* **Exercise requirements**
Print the full set of records below, character for character and picture-free.

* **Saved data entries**
================

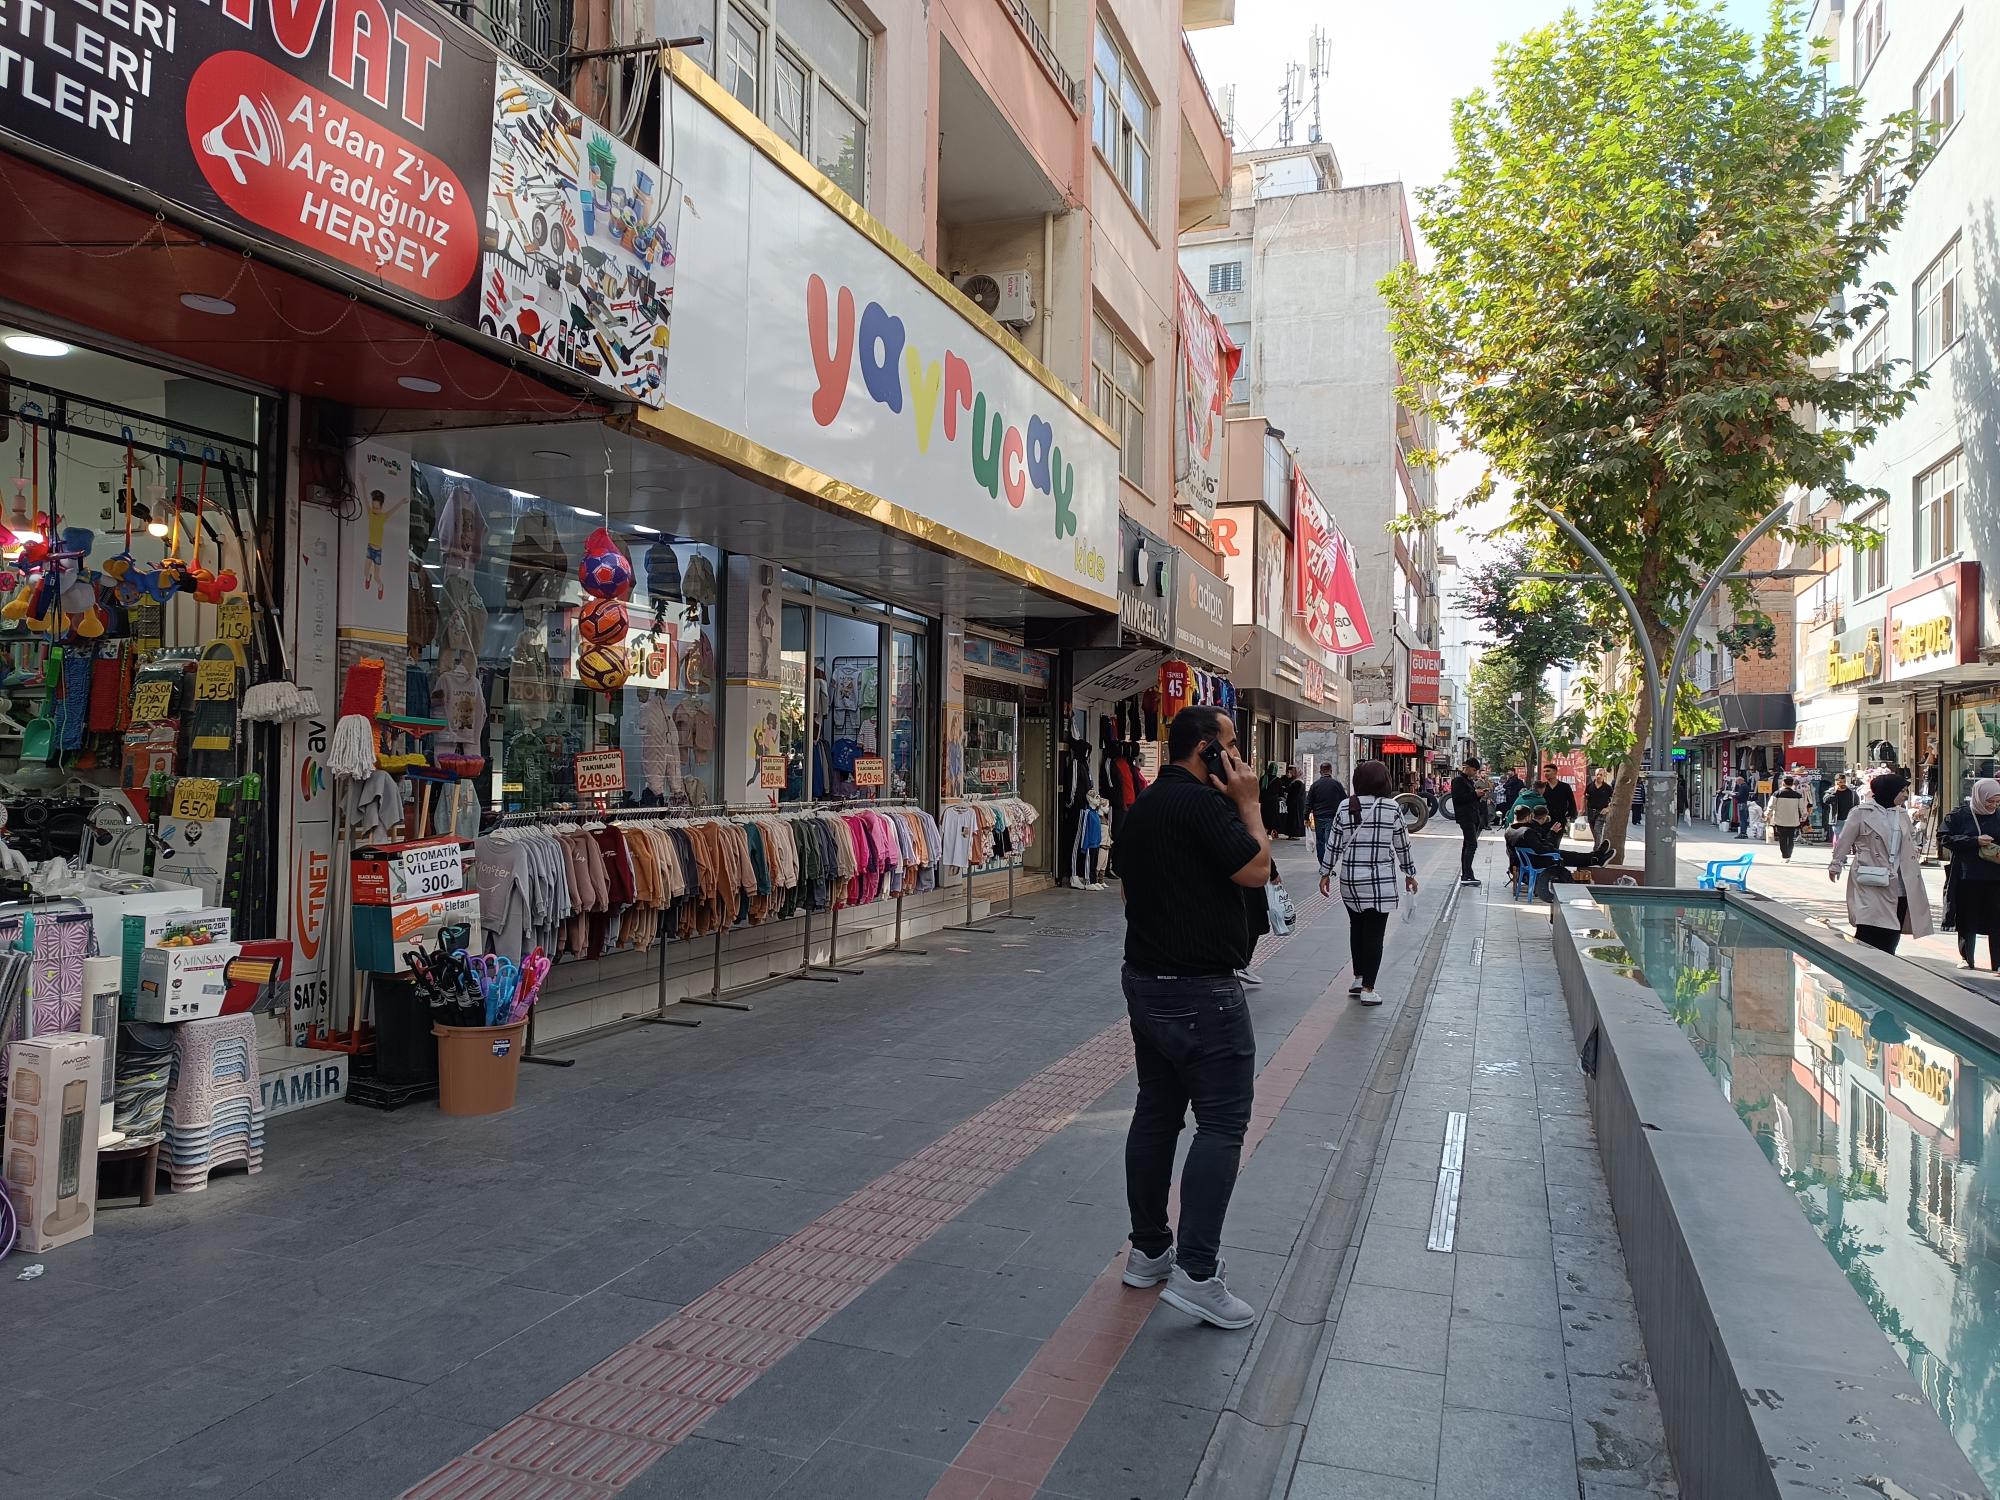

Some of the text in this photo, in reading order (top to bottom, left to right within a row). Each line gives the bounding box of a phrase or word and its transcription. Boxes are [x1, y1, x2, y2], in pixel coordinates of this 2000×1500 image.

[287, 142, 451, 246] Aradığınız
[299, 190, 441, 278] HERŞEY
[806, 273, 1077, 540] yavrucak
[1073, 537, 1106, 583] kids
[1198, 583, 1224, 622] adipro
[1412, 656, 1440, 671] GÜVEN
[1168, 679, 1183, 697] 45
[582, 763, 616, 771] TAKIMLARI
[599, 753, 621, 761] ÇOCUK
[406, 845, 459, 863] OTOMATİK
[407, 858, 459, 875] VİLEDA
[308, 850, 329, 932] TTNET
[294, 980, 328, 1013] SATŞ
[259, 1064, 340, 1111] TAMİR

================

* **Finished exercise**
Some of the text in this photo, in reading order (top to bottom, left to right within a row). Each line gives the bounding box of a phrase or word and its transcription. Boxes are [x1, y1, x2, y2], in pixel coordinates of this 2000×1500 image.

[287, 142, 451, 246] Aradığınız
[299, 190, 441, 278] HERŞEY
[806, 273, 1077, 540] yavrucak
[1073, 537, 1106, 583] kids
[1198, 583, 1224, 622] adipro
[1412, 656, 1440, 671] GÜVEN
[1168, 679, 1183, 697] 45
[582, 763, 616, 771] TAKIMLARI
[599, 753, 621, 761] ÇOCUK
[406, 845, 459, 863] OTOMATİK
[407, 858, 459, 875] VİLEDA
[308, 850, 329, 932] TTNET
[294, 980, 328, 1013] SATŞ
[259, 1064, 340, 1111] TAMİR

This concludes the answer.